▶ [Work order]
Where in the data does the word "phrase" appear? Find those lines and copy them.

►

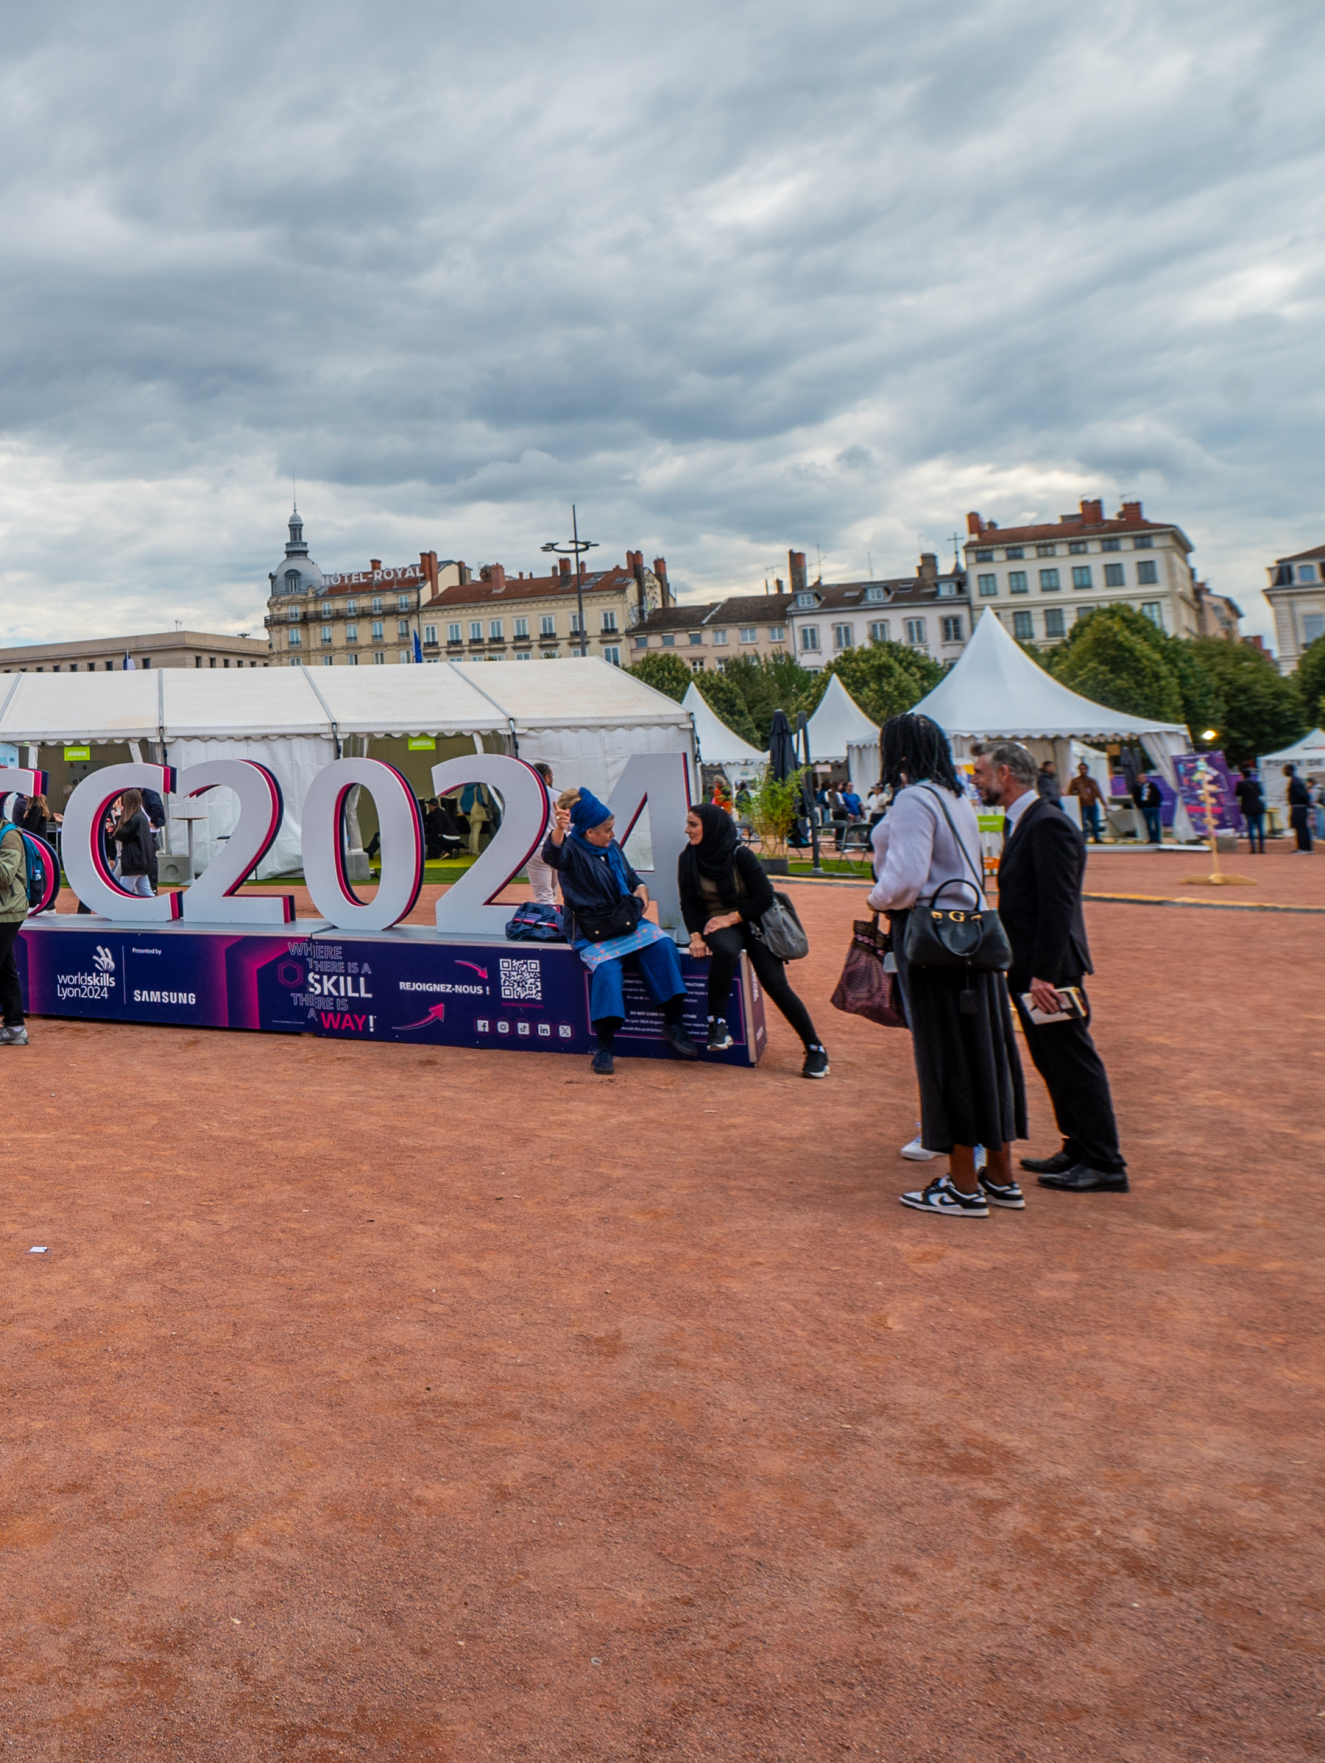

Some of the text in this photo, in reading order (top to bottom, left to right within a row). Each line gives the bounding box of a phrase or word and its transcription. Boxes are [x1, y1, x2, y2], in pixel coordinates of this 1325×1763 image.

[132, 947, 162, 955] Presented by
[287, 942, 343, 960] WHERE
[306, 957, 372, 975] THERE IS A
[57, 972, 116, 987] worldskills
[307, 972, 373, 998] SKILL
[57, 984, 109, 1000] Lyon2024
[399, 981, 490, 995] REJOIGNEZ-NOUS !
[133, 989, 196, 1005] SAMSUNG
[290, 992, 349, 1012] THERE IS
[307, 1007, 318, 1021] A
[320, 1012, 374, 1032] WAY!
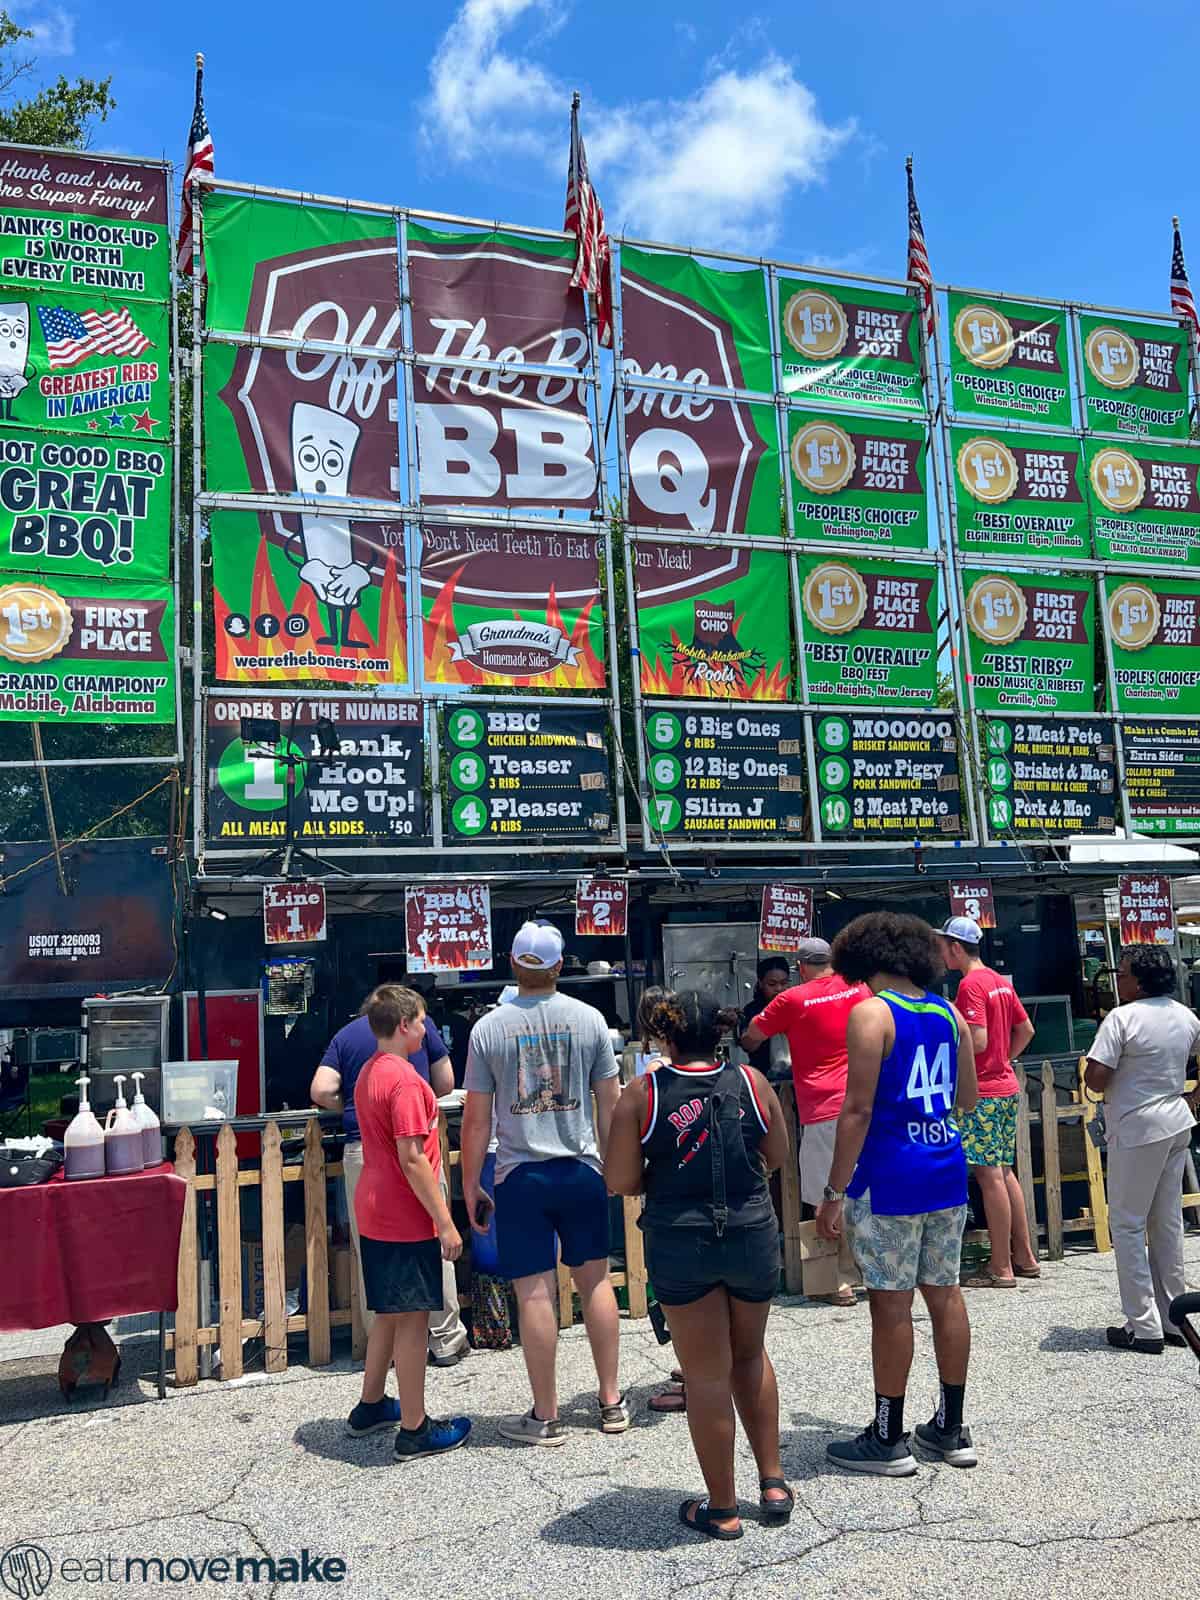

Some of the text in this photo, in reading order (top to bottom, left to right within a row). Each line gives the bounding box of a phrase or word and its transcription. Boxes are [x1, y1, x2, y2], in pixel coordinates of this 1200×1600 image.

[1, 160, 143, 193] Hank and John
[25, 239, 123, 267] IS WORTH
[3, 259, 145, 291] EVERY PENNY!
[799, 305, 834, 345] 1st
[857, 310, 899, 329] FIRST
[854, 325, 902, 343] PLACE
[858, 341, 899, 357] 2021
[1018, 346, 1055, 364] PLACE
[286, 301, 402, 419] Off
[425, 317, 524, 397] The
[40, 362, 159, 396] GREATEST RIBS
[1145, 371, 1169, 388] 2021
[47, 382, 151, 418] IN AMERICA!
[806, 438, 841, 478] 1st
[865, 440, 907, 458] FIRST
[389, 398, 718, 533] BBQ
[862, 455, 909, 475] PLACE
[1024, 452, 1065, 470] FIRST
[864, 472, 904, 490] 2021
[1023, 466, 1069, 484] PLACE
[0, 467, 153, 519] GREAT
[1027, 482, 1067, 499] 2019
[1154, 493, 1189, 508] 2019
[823, 523, 892, 539] Washington, PA
[10, 515, 135, 566] BBQ!
[423, 529, 461, 550] Don't
[465, 528, 498, 553] Need
[502, 532, 542, 556] Teeth
[544, 536, 561, 558] To
[567, 538, 591, 560] Eat
[657, 547, 692, 571] Meat!
[877, 580, 919, 597] FIRST
[818, 578, 854, 618] 1st
[873, 596, 920, 613] PLACE
[2, 602, 52, 646] 1st
[84, 607, 150, 630] FIRST
[700, 619, 728, 633] OHIO
[874, 613, 915, 629] 2021
[479, 626, 550, 645] Grandma's
[1035, 623, 1073, 640] 2021
[1164, 629, 1193, 644] 2021
[80, 629, 153, 653] PLACE
[233, 651, 389, 671] wearetheboners.com
[483, 650, 549, 668] Homemade Sides
[841, 666, 889, 681] BBQ FEST
[0, 692, 156, 715] Mobile, Alabama
[999, 692, 1057, 706] Orrville, Ohio
[214, 702, 419, 721] ORDER BY THE NUMBER
[457, 712, 541, 741] 2 BBC
[655, 716, 781, 743] 5 6 Big Ones
[487, 734, 527, 746] CHICKEN
[529, 734, 577, 746] SANDWICH
[685, 738, 716, 749] 6 RIBS
[990, 725, 1102, 748] 11 2 Meat Pete
[852, 740, 886, 751] BRISKET
[888, 741, 930, 752] SANDWICH
[1130, 750, 1157, 761] Extra
[1159, 751, 1184, 762] Sides
[459, 755, 572, 785] 3 Teaser
[654, 757, 788, 784] 6 12 Big Ones
[825, 762, 844, 785] 9
[853, 759, 892, 777] Poor
[894, 759, 945, 781] Piggy
[991, 762, 1108, 785] 12 Brisket & Mac
[1126, 768, 1152, 776] COLLARD
[489, 778, 520, 789] 3 RIBS
[686, 778, 721, 789] 12 RIBS
[853, 779, 921, 790] PORK SANDWICH
[309, 790, 416, 817] Me Up!
[655, 797, 764, 825] 7 Slim J
[826, 800, 845, 825] 10
[854, 798, 864, 815] 3
[867, 798, 908, 815] Meat
[910, 798, 949, 815] Pete
[993, 799, 1091, 822] 13 Pork & Mac
[461, 798, 582, 828] 4 Pleaser
[491, 821, 522, 832] 4 RIBS
[684, 818, 725, 830] SAUSAGE
[727, 818, 776, 830] SANDWICH
[580, 883, 623, 900] Line
[953, 885, 988, 898] Line
[1131, 880, 1159, 894] Beef
[268, 891, 320, 908] Line
[1122, 896, 1169, 908] Brisket
[424, 911, 473, 926] Pork
[592, 903, 610, 925] 2
[772, 902, 805, 917] Hook
[964, 900, 981, 921] 3
[1127, 909, 1167, 921] & Mac
[287, 907, 304, 933] 1
[767, 915, 808, 931] Me Up!
[29, 934, 100, 947] USDOT 3260093
[29, 948, 40, 957] OFF
[42, 948, 54, 956] THE
[89, 947, 100, 955] LLC
[906, 1042, 953, 1114] 44

◄

▶ [Answer below]
Some of the text in this photo, in reading order (top to bottom, left to right within a row). Each line gives the bounding box of a phrase or word and its transcription. Boxes are [x1, y1, x2, y2], in pixel coordinates of this 1325×1763 image.
Some of the text in this photo, in reading order (top to bottom, left to right within a row). Each line gives the bounding box of a phrase or word and its transcription. Boxes are [x1, y1, x2, y2], in pixel coordinates of this 1200×1600 image.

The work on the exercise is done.